Try it – I would like the entries transcribed word for word, please, with the pictures removed.

Data entries –
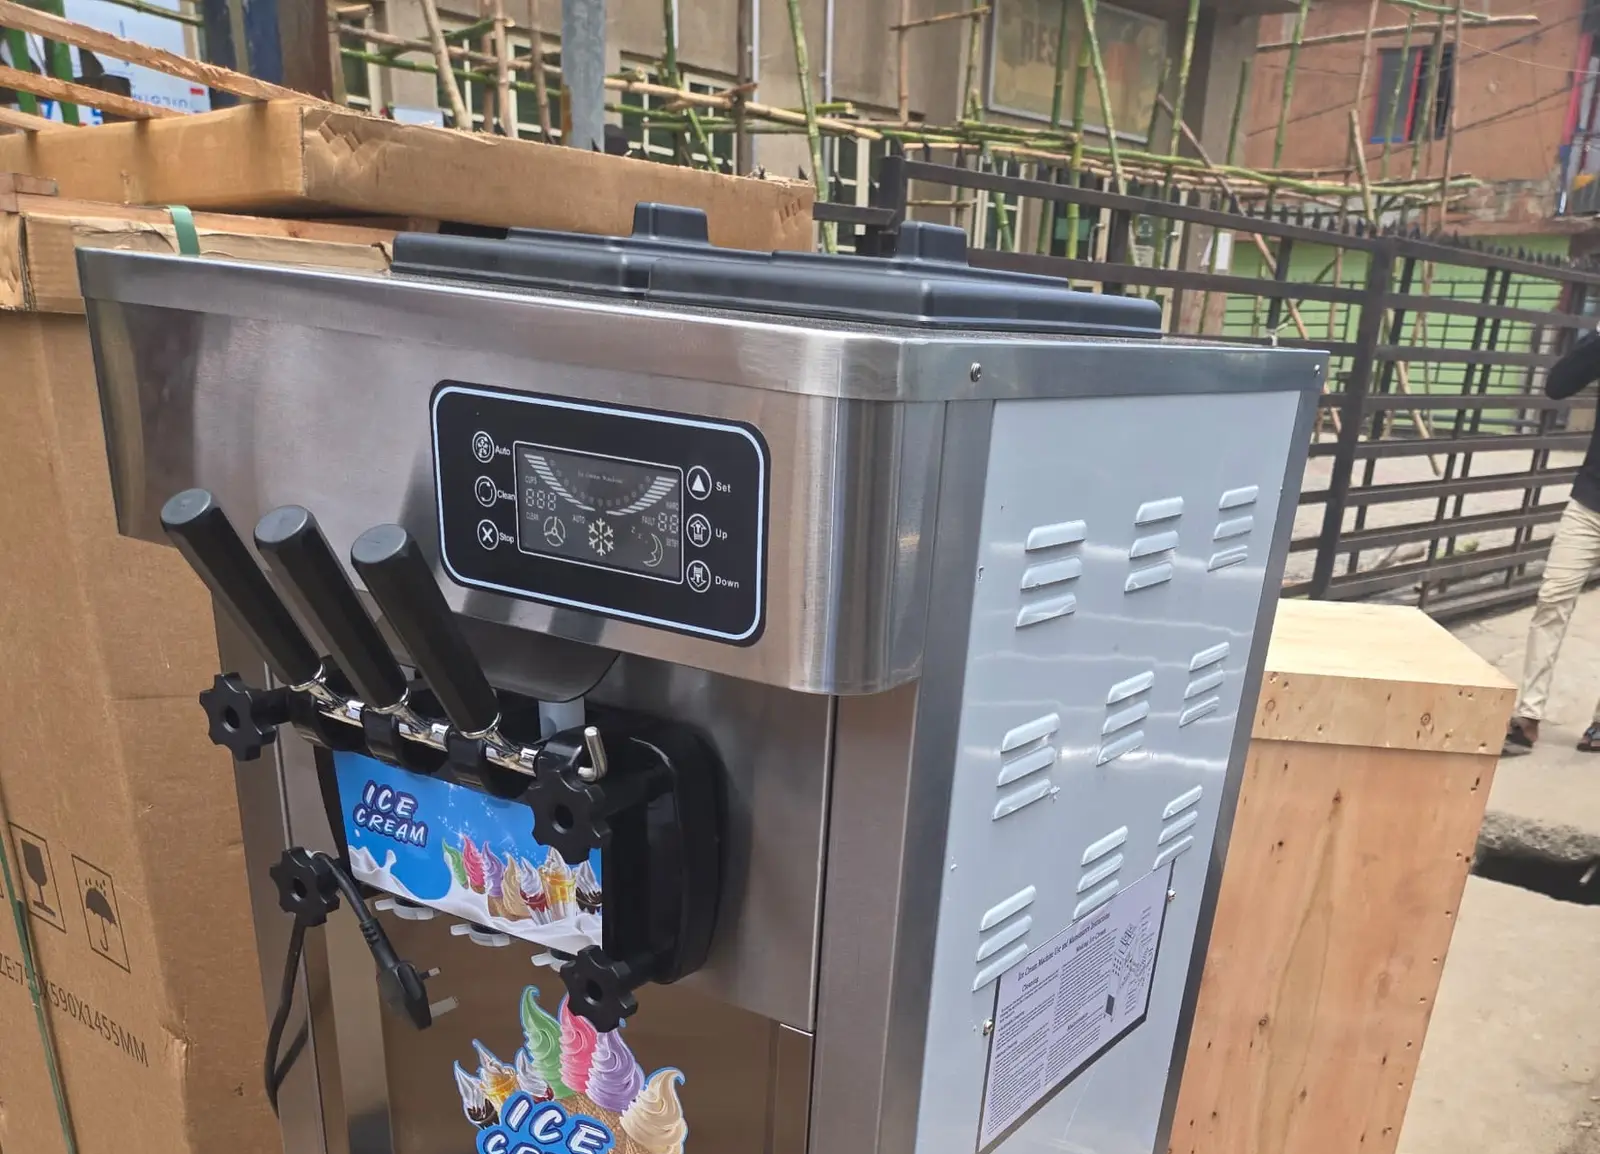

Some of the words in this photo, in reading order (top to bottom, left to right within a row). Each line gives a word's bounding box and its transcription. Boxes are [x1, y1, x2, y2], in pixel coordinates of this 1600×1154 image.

[495, 445, 511, 456] Auto
[716, 481, 731, 493] Set
[497, 490, 516, 501] Clean
[500, 532, 515, 544] Stop
[715, 528, 728, 540] Up
[715, 575, 740, 589] Down
[364, 782, 417, 818] ICE
[355, 806, 426, 845] CREAM
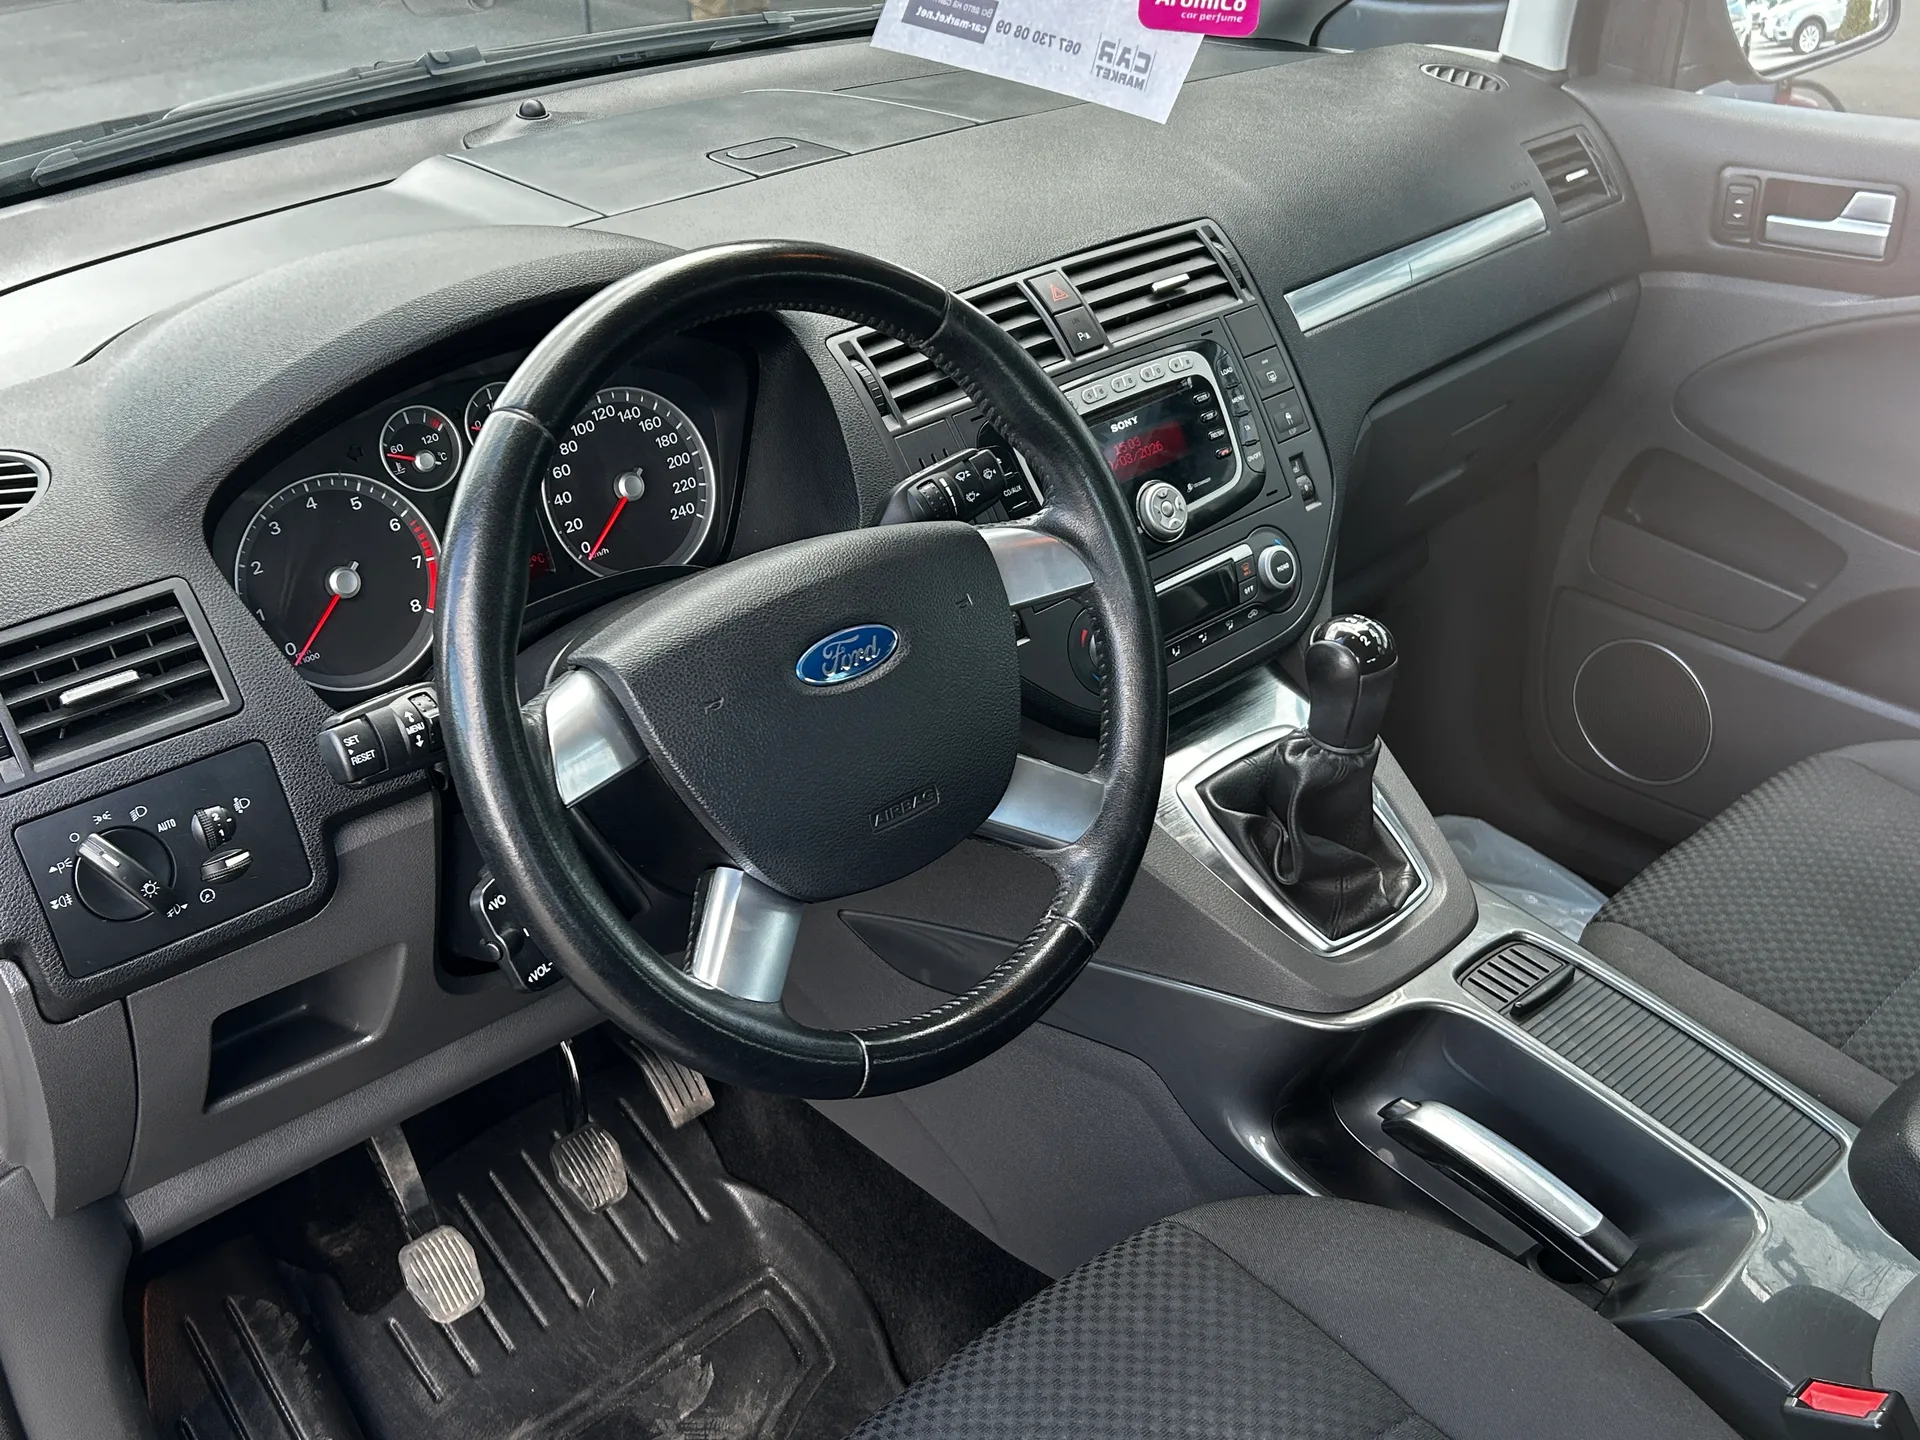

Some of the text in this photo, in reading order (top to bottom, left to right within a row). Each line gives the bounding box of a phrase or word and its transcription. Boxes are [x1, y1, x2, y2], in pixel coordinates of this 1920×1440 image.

[1181, 11, 1243, 23] car perfume
[1220, 366, 1234, 376] LOAD
[591, 405, 615, 421] 120
[617, 406, 641, 423] 140
[570, 419, 595, 437] 100
[638, 416, 662, 432] 160
[1110, 416, 1138, 433] SONY
[421, 433, 439, 445] 120
[655, 432, 678, 449] 180
[390, 443, 404, 454] 60
[559, 440, 578, 456] 80
[667, 452, 691, 470] 200
[552, 463, 571, 479] 60
[672, 477, 696, 494] 220
[305, 496, 318, 510] 4
[350, 497, 363, 511] 5
[554, 491, 572, 506] 40
[670, 502, 695, 521] 240
[268, 521, 282, 535] 3
[389, 518, 401, 532] 6
[564, 518, 583, 534] 20
[581, 541, 591, 554] 0
[250, 560, 264, 575] 2
[411, 555, 422, 569] 7
[410, 599, 422, 613] 8
[255, 608, 266, 621] 1
[1360, 635, 1371, 646] 2
[284, 642, 297, 656] 0
[822, 635, 880, 676] Ford
[405, 721, 426, 735] MENU
[343, 734, 360, 747] SET
[350, 749, 376, 766] RESET
[874, 788, 935, 827] AIRBAG
[211, 812, 220, 822] 2
[157, 818, 177, 833] AUTO

Finished task –
Some of the words in this photo, in reading order (top to bottom, left to right within a row). Each line gives a word's bounding box and its transcription. Boxes are [x1, y1, x2, y2], in pixel coordinates of this 1600×1154 image.

[495, 445, 511, 456] Auto
[716, 481, 731, 493] Set
[497, 490, 516, 501] Clean
[500, 532, 515, 544] Stop
[715, 528, 728, 540] Up
[715, 575, 740, 589] Down
[364, 782, 417, 818] ICE
[355, 806, 426, 845] CREAM

Some of the text in this photo, in reading order (top to bottom, left to right within a row). Each line gives the bounding box of a phrase or word and its transcription. Boxes are [x1, y1, x2, y2], in pixel coordinates of this 1920×1440 image.

[1181, 11, 1243, 23] car perfume
[1220, 366, 1234, 376] LOAD
[591, 405, 615, 421] 120
[617, 406, 641, 423] 140
[570, 419, 595, 437] 100
[638, 416, 662, 432] 160
[1110, 416, 1138, 433] SONY
[421, 433, 439, 445] 120
[655, 432, 678, 449] 180
[390, 443, 404, 454] 60
[559, 440, 578, 456] 80
[667, 452, 691, 470] 200
[552, 463, 571, 479] 60
[672, 477, 696, 494] 220
[305, 496, 318, 510] 4
[350, 497, 363, 511] 5
[554, 491, 572, 506] 40
[670, 502, 695, 521] 240
[268, 521, 282, 535] 3
[389, 518, 401, 532] 6
[564, 518, 583, 534] 20
[581, 541, 591, 554] 0
[250, 560, 264, 575] 2
[411, 555, 422, 569] 7
[410, 599, 422, 613] 8
[255, 608, 266, 621] 1
[1360, 635, 1371, 646] 2
[284, 642, 297, 656] 0
[822, 635, 880, 676] Ford
[405, 721, 426, 735] MENU
[343, 734, 360, 747] SET
[350, 749, 376, 766] RESET
[874, 788, 935, 827] AIRBAG
[211, 812, 220, 822] 2
[157, 818, 177, 833] AUTO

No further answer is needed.